In Fair Play, a Sundance hit Netflix acquired for $20 million that begins streaming tomorrow, the writer-director Chloe Domont contrasts the coldness of the conference room with the steaminess of the bedroom. The couple at the story’s center, Emily (played by Bridgerton’s Phoebe Dynevor) and Luke (Alden Ehrenreich), are colleagues keeping their relationship a secret. Their romance is against HR policy, and their effort to hide it—exchanging pleasantries in front of their colleagues, making sure they arrive separately at the office—is also a titillating game. At work, they’re the picture of buttoned-up efficiency. At home, they have sex on the floor. But when Emily gets promoted above Luke shortly after they get engaged, the tenuous line between their professional and personal lives blurs, threatening their forthcoming marriage.

That’s a tantalizing setup, but not much about Fair Play works beyond it. Domont valiantly attempts to examine how gender affects power dynamics; her script deconstructs corporate culture through a female perspective, and doubles as a treatise on the turmoil of ambition for women. Yet the shaky character development, melodramatic dialogue, and mismanaged tone result in a sloppy misfire. Fair Play positions itself as a psychosexual thriller, but it’s neither truly provocative nor all that sexy.

The problem begins with Emily and Luke’s unconvincing chemistry. They’re introduced as smitten lovers, but much of the movie that follows portrays them as near-strangers. When Emily tries to repair their relationship by enticing Luke to go to bed with her, she’s surprised that he disengages. This is meant to highlight the growing distance between them, but her shock and his sudden coldness feel implausible given their supposed history. Worse, the story never conveys anything about their personalities beyond the fact that they’re engaged and like being clandestine at work. They’re not really characters, but mouthpieces delivering on-the-nose lines—“The only man I let walk all over me is you,” Emily says—leaving Dynevor and Ehrenreich, both capable actors, lost in their roles.

Between the two, Luke suffers more from the shallow material.
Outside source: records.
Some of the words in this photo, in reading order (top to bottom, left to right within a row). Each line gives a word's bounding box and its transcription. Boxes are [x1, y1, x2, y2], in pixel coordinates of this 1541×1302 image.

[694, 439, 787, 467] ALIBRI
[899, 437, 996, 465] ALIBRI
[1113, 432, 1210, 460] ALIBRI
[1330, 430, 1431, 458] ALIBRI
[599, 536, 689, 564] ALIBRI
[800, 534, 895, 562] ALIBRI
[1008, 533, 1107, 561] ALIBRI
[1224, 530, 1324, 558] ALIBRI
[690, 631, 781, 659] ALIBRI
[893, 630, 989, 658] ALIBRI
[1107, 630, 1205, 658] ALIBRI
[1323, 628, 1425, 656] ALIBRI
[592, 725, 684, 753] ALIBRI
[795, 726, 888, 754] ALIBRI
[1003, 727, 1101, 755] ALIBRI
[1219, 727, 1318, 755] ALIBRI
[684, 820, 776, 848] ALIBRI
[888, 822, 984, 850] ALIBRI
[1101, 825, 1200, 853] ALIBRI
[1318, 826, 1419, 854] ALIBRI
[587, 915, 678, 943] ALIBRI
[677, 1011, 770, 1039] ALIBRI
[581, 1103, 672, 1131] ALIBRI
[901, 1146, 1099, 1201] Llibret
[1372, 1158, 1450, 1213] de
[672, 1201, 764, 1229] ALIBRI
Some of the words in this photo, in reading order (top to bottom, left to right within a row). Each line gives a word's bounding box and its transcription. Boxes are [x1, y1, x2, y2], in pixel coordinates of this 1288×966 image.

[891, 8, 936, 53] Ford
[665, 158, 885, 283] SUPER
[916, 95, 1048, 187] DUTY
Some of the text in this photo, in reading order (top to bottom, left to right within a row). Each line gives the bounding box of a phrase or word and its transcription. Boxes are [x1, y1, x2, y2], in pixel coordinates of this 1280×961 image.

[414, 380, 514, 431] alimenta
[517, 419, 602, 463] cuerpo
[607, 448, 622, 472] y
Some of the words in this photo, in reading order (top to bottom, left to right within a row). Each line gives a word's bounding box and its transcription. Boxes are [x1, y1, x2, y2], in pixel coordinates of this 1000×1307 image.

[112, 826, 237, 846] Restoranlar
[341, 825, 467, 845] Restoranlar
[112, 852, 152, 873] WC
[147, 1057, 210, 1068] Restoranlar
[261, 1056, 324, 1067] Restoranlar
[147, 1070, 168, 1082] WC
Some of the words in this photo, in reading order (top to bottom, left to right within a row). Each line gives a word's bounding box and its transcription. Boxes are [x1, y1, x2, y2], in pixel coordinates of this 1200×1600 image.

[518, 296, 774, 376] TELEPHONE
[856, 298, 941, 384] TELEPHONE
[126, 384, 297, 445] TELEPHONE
Almost immediately after Emily’s ascendance at the office, he resorts to spewing passive-aggressive comments and studying the work of a self-help guru who’s a thinly veiled men’s-rights-activist type. Indeed, every detail given about Luke renders him a cartoonish villain, and when he’s so obviously in the wrong, it lowers the dramatic stakes. The film reveals that he is only employed because of personal connections; before long, he accuses Emily of sleeping her way to the top, and criticizes her appearance. Such toxic behavior exists in real life, of course, but Luke’s meager characterization saps the story of tension.

The film eventually devolves into a deadly serious denouement. Without spoiling too much, violence plays a last-minute role, opting for a shock ending rather than an incisive conclusion. Just when the film begins to complicate the couple—Luke’s devotion to proving himself in his job may come from being surrounded by machismo; Emily starts drinking heavily to avoid him—it undermines itself in an ugly way.

Fair Play belongs to a recent wave of films that wrestle with gender politics by filtering their narrative—often about women making themselves small to help their male partners feel less emasculated—through a genre lens. Some, such as the horror-tinged Fresh, have successfully married stylish filmmaking with compelling characters. Others, such as Cat Person, the misguided adaptation of the viral short story, have added unnecessary drama to justify being a thriller. Fair Play belongs to the latter category. It struggles to fully engage with the challenging questions that fuel its narrative. Though the film constantly seems poised to deliver something insightful—about power imbalances in relationships, the fine line between work and play, the way people can make their job their entire identity—it never finds any depth, thus leaving the viewer with frustratingly little to care about. In the end, it just feels like one long tease.